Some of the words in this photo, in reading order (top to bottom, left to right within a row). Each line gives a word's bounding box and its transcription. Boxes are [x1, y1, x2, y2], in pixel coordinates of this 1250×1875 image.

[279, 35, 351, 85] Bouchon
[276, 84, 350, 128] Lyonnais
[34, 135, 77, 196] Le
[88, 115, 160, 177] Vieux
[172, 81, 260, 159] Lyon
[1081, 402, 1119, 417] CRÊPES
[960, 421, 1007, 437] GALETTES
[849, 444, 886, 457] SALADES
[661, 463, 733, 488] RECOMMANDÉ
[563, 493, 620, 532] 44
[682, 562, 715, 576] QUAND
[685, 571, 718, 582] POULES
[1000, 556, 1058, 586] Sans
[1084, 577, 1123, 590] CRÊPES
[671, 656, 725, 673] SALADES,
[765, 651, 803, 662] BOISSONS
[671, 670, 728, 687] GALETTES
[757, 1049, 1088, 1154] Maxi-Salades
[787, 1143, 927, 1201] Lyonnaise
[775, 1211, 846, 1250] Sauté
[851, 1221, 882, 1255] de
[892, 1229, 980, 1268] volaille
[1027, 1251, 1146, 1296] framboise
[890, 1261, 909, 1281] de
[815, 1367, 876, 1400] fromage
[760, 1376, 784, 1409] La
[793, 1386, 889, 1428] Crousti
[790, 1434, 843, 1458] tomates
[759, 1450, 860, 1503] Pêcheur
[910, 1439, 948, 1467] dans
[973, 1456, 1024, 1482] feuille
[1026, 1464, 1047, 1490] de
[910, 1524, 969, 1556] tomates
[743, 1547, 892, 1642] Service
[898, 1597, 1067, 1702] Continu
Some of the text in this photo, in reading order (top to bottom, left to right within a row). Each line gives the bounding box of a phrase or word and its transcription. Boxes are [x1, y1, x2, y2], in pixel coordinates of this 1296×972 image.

Exercise instructions —
Please reproduce every record shown above, exactly as written.

Response below —
Some of the words in this photo, in reading order (top to bottom, left to right within a row). Each line gives a word's bounding box and its transcription. Boxes are [x1, y1, x2, y2], in pixel coordinates of this 1250×1875 image.

[279, 35, 351, 85] Bouchon
[276, 84, 350, 128] Lyonnais
[34, 135, 77, 196] Le
[88, 115, 160, 177] Vieux
[172, 81, 260, 159] Lyon
[1081, 402, 1119, 417] CRÊPES
[960, 421, 1007, 437] GALETTES
[849, 444, 886, 457] SALADES
[661, 463, 733, 488] RECOMMANDÉ
[563, 493, 620, 532] 44
[682, 562, 715, 576] QUAND
[685, 571, 718, 582] POULES
[1000, 556, 1058, 586] Sans
[1084, 577, 1123, 590] CRÊPES
[671, 656, 725, 673] SALADES,
[765, 651, 803, 662] BOISSONS
[671, 670, 728, 687] GALETTES
[757, 1049, 1088, 1154] Maxi-Salades
[787, 1143, 927, 1201] Lyonnaise
[775, 1211, 846, 1250] Sauté
[851, 1221, 882, 1255] de
[892, 1229, 980, 1268] volaille
[1027, 1251, 1146, 1296] framboise
[890, 1261, 909, 1281] de
[815, 1367, 876, 1400] fromage
[760, 1376, 784, 1409] La
[793, 1386, 889, 1428] Crousti
[790, 1434, 843, 1458] tomates
[759, 1450, 860, 1503] Pêcheur
[910, 1439, 948, 1467] dans
[973, 1456, 1024, 1482] feuille
[1026, 1464, 1047, 1490] de
[910, 1524, 969, 1556] tomates
[743, 1547, 892, 1642] Service
[898, 1597, 1067, 1702] Continu
Some of the text in this photo, in reading order (top to bottom, left to right within a row). Each line gives the bounding box of a phrase or word and its transcription. Boxes are [x1, y1, x2, y2], in pixel coordinates of this 1296×972 image.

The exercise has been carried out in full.